▶ [Work to complete]
Output every line below as it stands, dropping only the images.

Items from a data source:
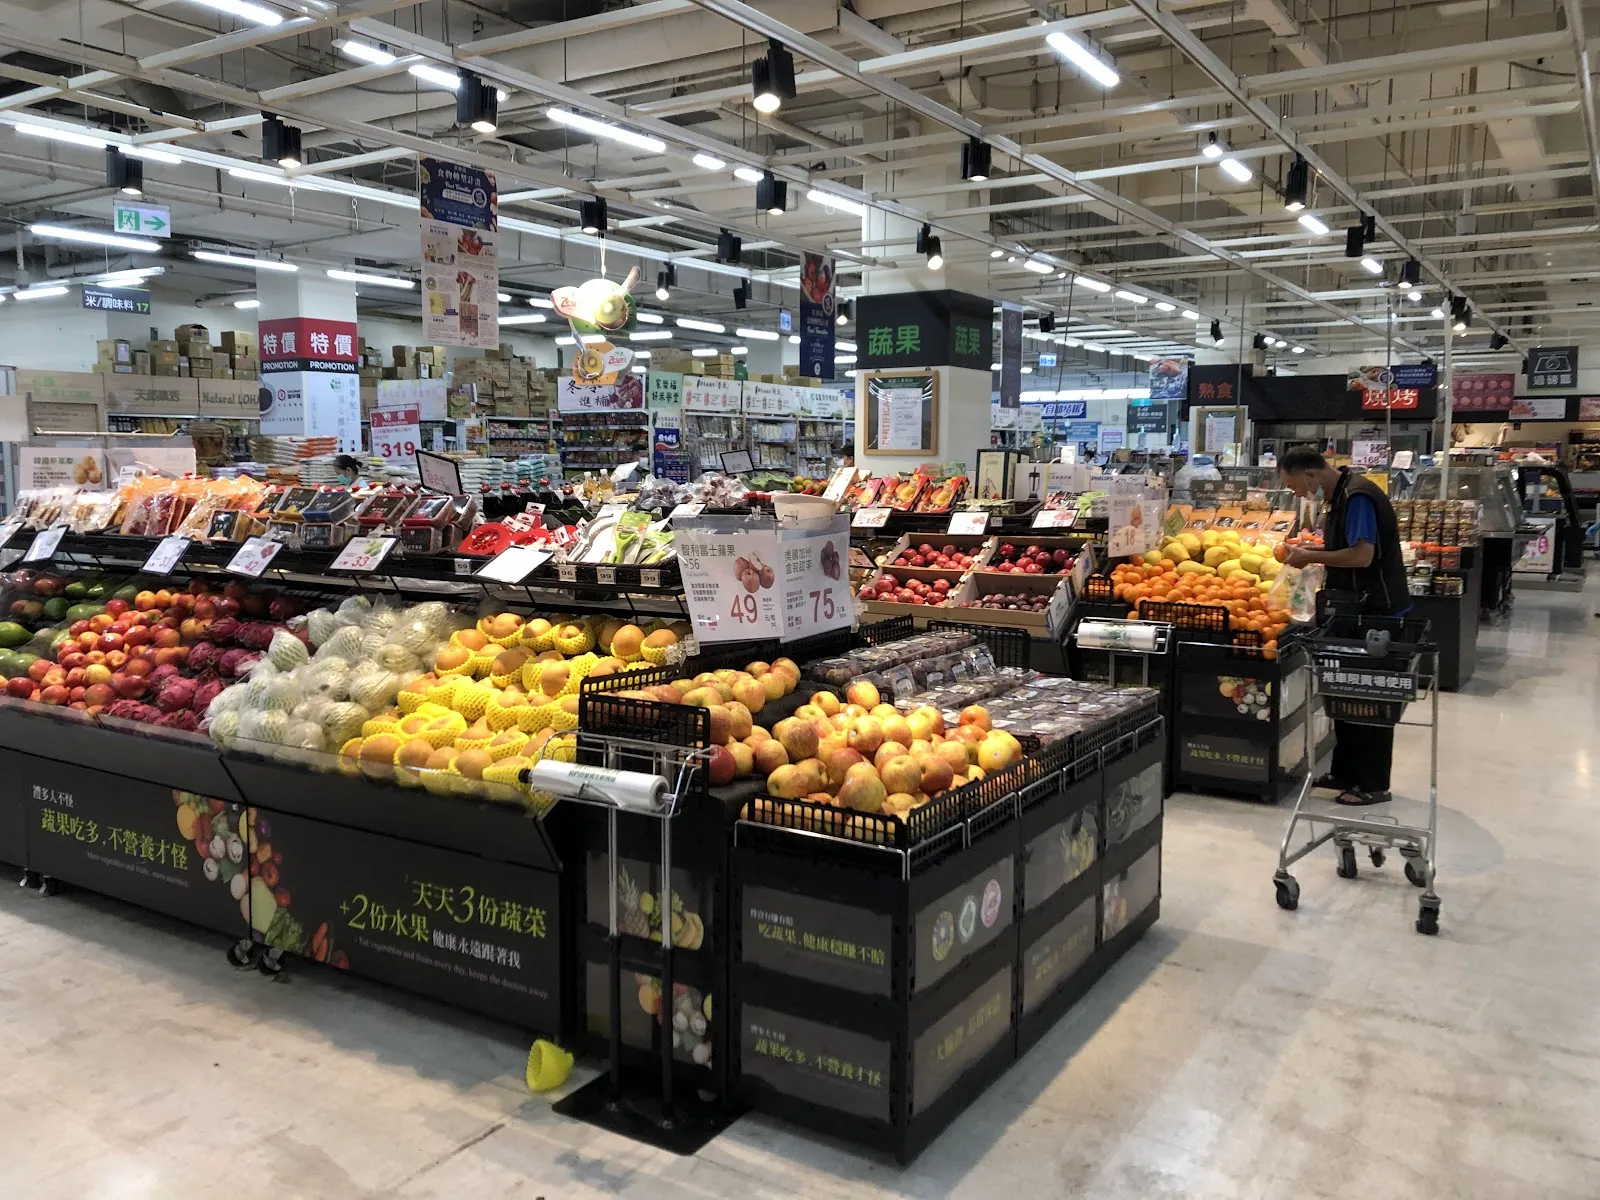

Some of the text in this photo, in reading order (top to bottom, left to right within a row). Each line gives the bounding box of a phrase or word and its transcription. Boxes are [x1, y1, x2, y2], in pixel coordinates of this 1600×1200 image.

[85, 295, 149, 312] 米/調味料 17
[262, 332, 297, 355] 特價
[310, 332, 353, 357] 特價
[868, 325, 921, 356] 蔬果
[955, 325, 981, 356] 蔬果
[262, 361, 299, 371] PROMOTION
[309, 360, 355, 372] PROMOTION
[202, 392, 236, 405] Natural
[1199, 381, 1233, 399] 熱食
[1364, 388, 1418, 406] 燒烤
[381, 440, 416, 458] 319
[352, 556, 370, 567] 33
[680, 543, 736, 558] 智利富士蘋果
[730, 593, 758, 624] 49
[809, 587, 835, 623] 75
[32, 784, 75, 808] 禮多人不怪
[339, 893, 429, 943] +2份水果
[412, 881, 547, 939] 天天3份蔬菜
[432, 928, 521, 971] 健康永遠跟著我

▶ [Response area]
Some of the text in this photo, in reading order (top to bottom, left to right within a row). Each line gives the bounding box of a phrase or word and its transcription. Boxes are [x1, y1, x2, y2], in pixel coordinates of this 1600×1200 image.

[85, 295, 149, 312] 米/調味料 17
[262, 332, 297, 355] 特價
[310, 332, 353, 357] 特價
[868, 325, 921, 356] 蔬果
[955, 325, 981, 356] 蔬果
[262, 361, 299, 371] PROMOTION
[309, 360, 355, 372] PROMOTION
[202, 392, 236, 405] Natural
[1199, 381, 1233, 399] 熱食
[1364, 388, 1418, 406] 燒烤
[381, 440, 416, 458] 319
[352, 556, 370, 567] 33
[680, 543, 736, 558] 智利富士蘋果
[730, 593, 758, 624] 49
[809, 587, 835, 623] 75
[32, 784, 75, 808] 禮多人不怪
[339, 893, 429, 943] +2份水果
[412, 881, 547, 939] 天天3份蔬菜
[432, 928, 521, 971] 健康永遠跟著我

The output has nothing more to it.